The date of January 22 holds special significance for any of us who hold dear the principle of human life, since it is the anniversary of the Supreme Court decision, commonly referred to as Roe v. Wade. On that date, Washington becomes the rallying point for an enormous “March for Life.”  When January 22 falls on a day when Congress is not in session, the March takes place on the nearest session date.  This year the March was held on Monday, January 24, and I was privileged to participate.  That a demonstration of approximately a quarter of million people receives little or no attention in the media is more a commentary on a secular agenda than it is on any lack of zeal and exuberance on the part of the participants. 

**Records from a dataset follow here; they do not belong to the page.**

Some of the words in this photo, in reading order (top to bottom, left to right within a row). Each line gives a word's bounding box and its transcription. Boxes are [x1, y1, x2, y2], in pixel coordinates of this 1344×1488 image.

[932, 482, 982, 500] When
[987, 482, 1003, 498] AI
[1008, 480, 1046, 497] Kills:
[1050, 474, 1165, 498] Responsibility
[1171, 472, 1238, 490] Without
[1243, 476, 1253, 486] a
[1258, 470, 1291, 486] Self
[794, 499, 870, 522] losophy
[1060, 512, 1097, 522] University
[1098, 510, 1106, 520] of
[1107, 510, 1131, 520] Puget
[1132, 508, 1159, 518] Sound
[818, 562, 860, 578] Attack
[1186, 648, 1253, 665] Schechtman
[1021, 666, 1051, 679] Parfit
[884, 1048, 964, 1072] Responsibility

Most were youth—high school and college age, as well as young adults, a fact not lost on Cardinal Daniel DiNardo, the homilist for the Vigil Mass for the March and the Chair of the Bishops’ Pro-Life Committee.  The Mass every year is celebrated in the vast expanse of the Shrine of the Immaculate Conception on the eve of the March.  Thousands upon thousands participate, including clergy and laity, seminarians and religious.  In his homily, Cardinal DiNardo made mention of the many organizers who needed to be thanked for their interest and assistance with the Vigil and the March.  At the end of the list, he said that, like the Wedding of Cana, he had saved the best for last.  He wanted to thank the youth present and added this statement addressed to them particularly:  “To the astonishment of nature, of the chattering classes, and of the disinterested and jaded media, you have continuously come forward here and throughout the places where you live to be unflagging witnesses to the inestimable worth of each human being.”  The presence of the youth added a hopeful dimension to the March and its accompanying activities.

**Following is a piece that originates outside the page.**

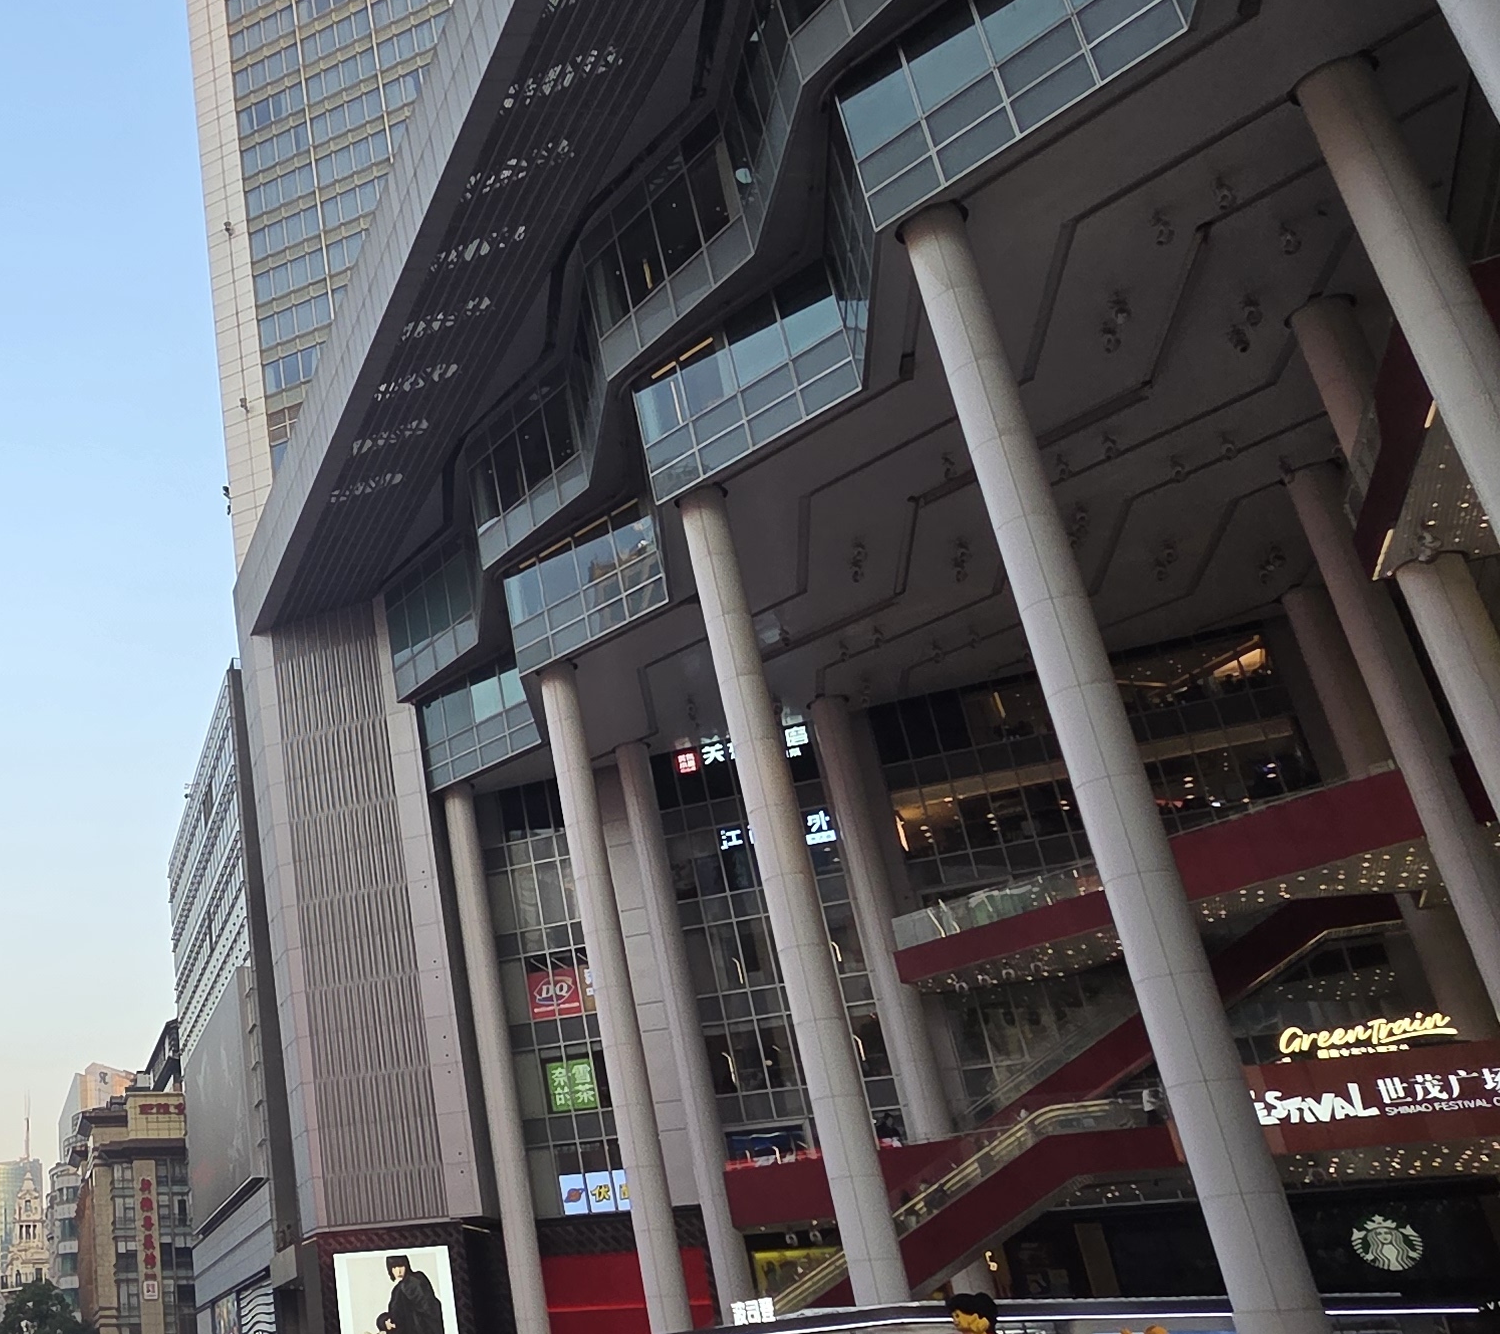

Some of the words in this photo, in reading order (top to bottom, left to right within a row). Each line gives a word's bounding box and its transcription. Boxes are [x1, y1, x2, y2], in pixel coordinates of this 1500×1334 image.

[541, 981, 569, 999] DQ
[1250, 1083, 1381, 1126] ESTIVAL
[1385, 1103, 1433, 1116] SHIMAO
[1433, 1098, 1492, 1112] FESTIVAL

A group from the Diocese of Lake Charles joined participants from the Diocese of Lafayette and the Diocese of Baton Rouge.  They were a lively component to the March.  The entire event, however, had the atmosphere of a pep rally, but with a major difference.  During the March, that slowly made its way from the Capital Mall up Constitution Avenue to the Supreme Court, we prayed.  We prayed the rosary and since it was the 3 o’clock hour, the Chaplet of Divine Mercy. Most of the groups I saw were Catholic.  They were singing hymns and songs and joining Byzantine monks chanting their divine office, and devout Orthodox Jews raising their voices in prayer. 
All of them braved the cold weather—and it was indeed cold and breezy with temperatures below freezing.  Yet, you met sincere and interested people from all parts of the nation—from New England to the Deep South, the Mid-West to the Rocky Mountains.  What joined them all together was to speak out in favor of the “culture of life” and to warn against the “culture of death.”   We need that reminder, desperately and now more than ever.
To the many who witnessed to the value of human life, who took the time to travel from great distances, to both Washington and the numerous other marches held throughout the nation, we should be very grateful.